THE ESCHATOLOGICAL: HISTORY MOVES TO THE SABBATH

Eschatology is embedded into time by virtue of God’s goal oriented, teleological focus evident in the work which He completed through the course of the Creation Week. God’s creation acts transpire in the unfolding of time which is linear, sequential, delineated by ordinals that culminate in the Sabbath day. Time is the milieu in which divine deeds and words are revealed to men, and is itself revelatory of the God of order. What God does outside of time does not constitute the substance of revelation, except to the extent that God tells us of His pre-eternal counsels, decrees and purposes which come to expression in time in His revelatory acts and words. God’s primeval action in creation time gives structure to history itself.((Nash, Ronald H. The Meaning of History (Nashville: Broadman & Holman, 1998). Cullmann, Oscar, Christ and Time (Philadelphia: Westminster Press, 1964), 23. “All Christian theology in its innermost essence is Biblical history; on a straight line of an ordinary process in time God here reveals himself, and from that line he controls not only the whole of history, but also that which happens in nature! There is here no room for speculations concerning God that ignore time and history.”))

Time is purposeful. Time is the stage for the prophetical. Time is teleological and eschatological. The chronological schema of the Creation Week forms the paradigm by which all history unfolds. “Before all other important things, therefore, Sabbath is an expression of the eschatological principle on which the life of humanity has been constructed. There is to be to the world-process a finale, as there was an overture, and these two belong inseparably together. To give up the one means to give up the other, and to give up either means to abandon the fundamental scheme of Biblical history.”((Vos, op. cit. 140. “The Sabbath brings this principle of the eschatological structure of history to bear upon the mind of man after a symbolical and typical fashion. It teaches its lesson through the rhythmical succession of six days of labor and one ensuing day of rest in each successive week. Man is reminded in this way that life is not an aimless existence, that a goal lies beyond.”)) Time forms the matrix of man’s existence and the framework in which God’s revelatory words and actions transpire. Man is a creature of time and time itself is a vehicle through which God communicates His divine purpose to man. God is transcendent, yet He comes into time and sanctifies it and thus constitutes Sabbath time.((Vos, op. cit. 305. “The historical can be supernatural, the supernatural can enter history, and so become a piece of the historical in its highest form. There is no mutual exclusiveness. It is pure prejudice, when historians lay down the principle that they are allowed to reckon with the natural only.”))
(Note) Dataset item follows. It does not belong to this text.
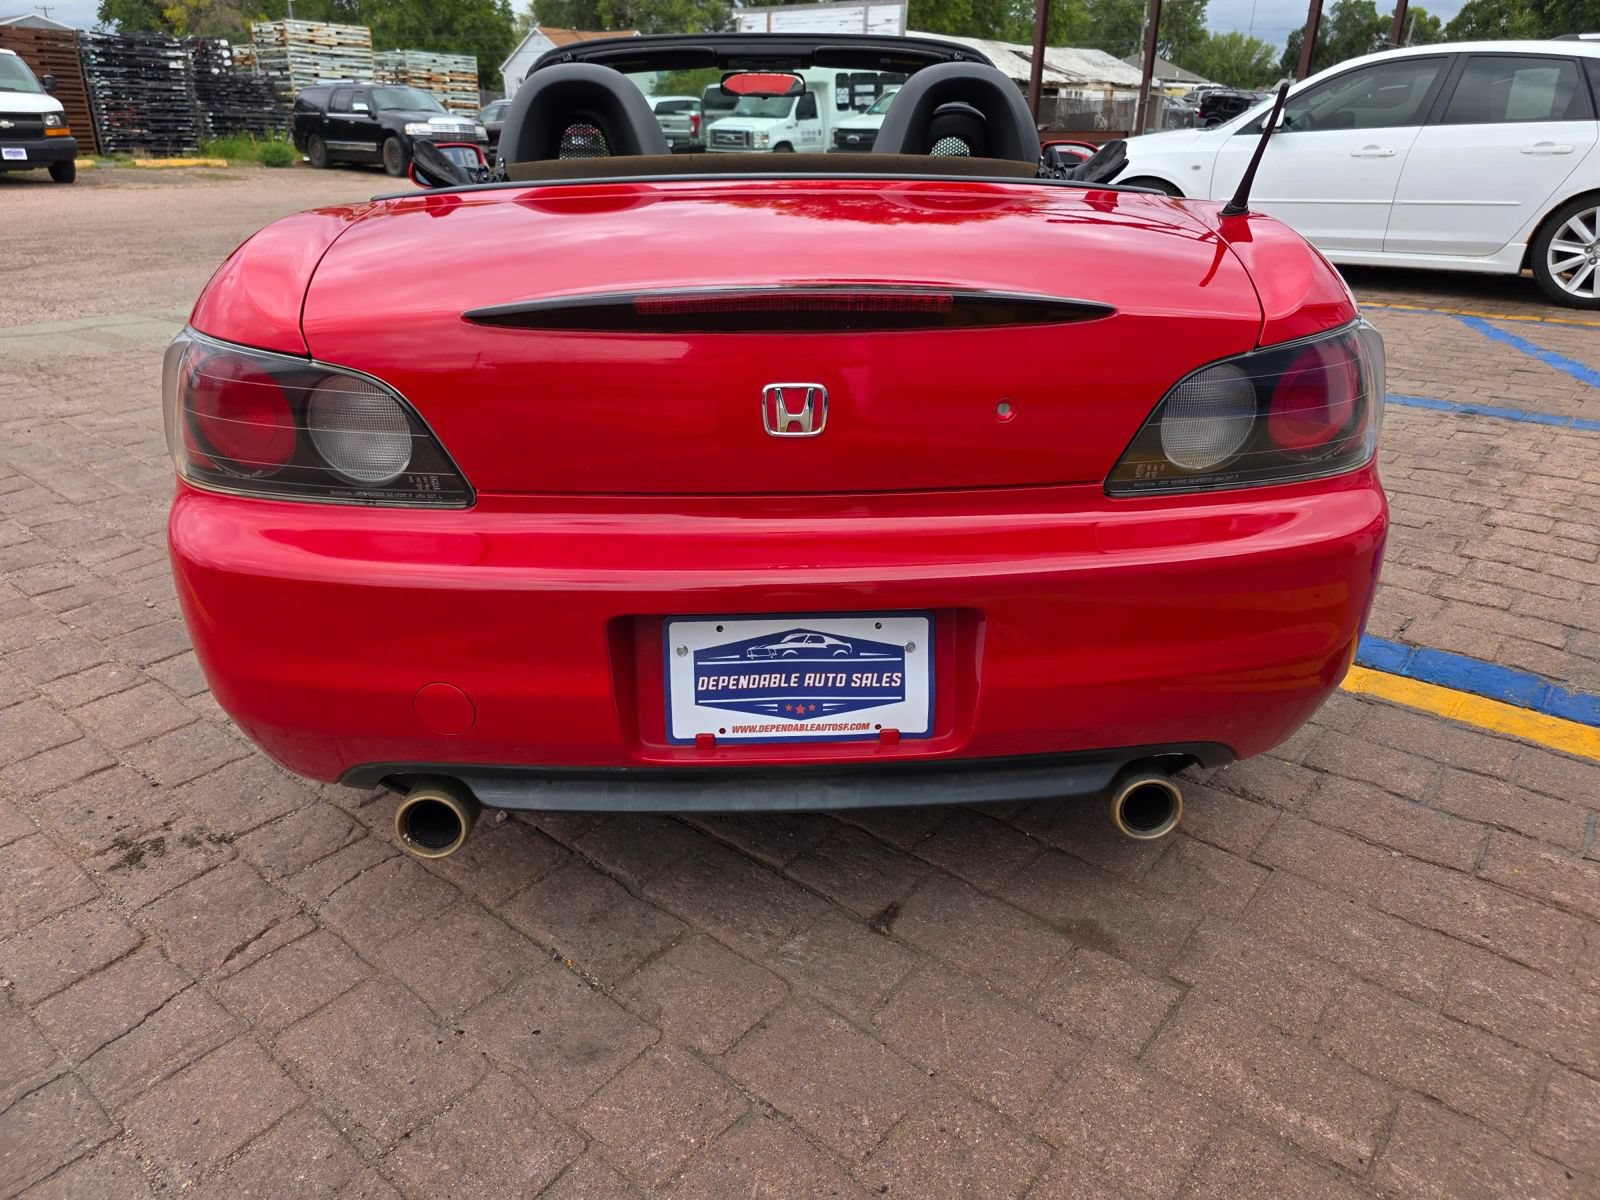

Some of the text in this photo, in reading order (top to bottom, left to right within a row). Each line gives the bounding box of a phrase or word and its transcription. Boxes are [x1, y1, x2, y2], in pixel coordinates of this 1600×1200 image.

Time is designed to move man progressively forward to God’s teleological eschatological purpose: Sabbath rest, that is, life lived with God. This life with God was set before man as his eschatological hope even before he fell into death through sin. To us as fallen sinners, this hope is soteric, but our soteriological hope is nothing other than Adam’s created hope now elevated by the work of the Second Adam, Jesus Christ, into resurrection glory.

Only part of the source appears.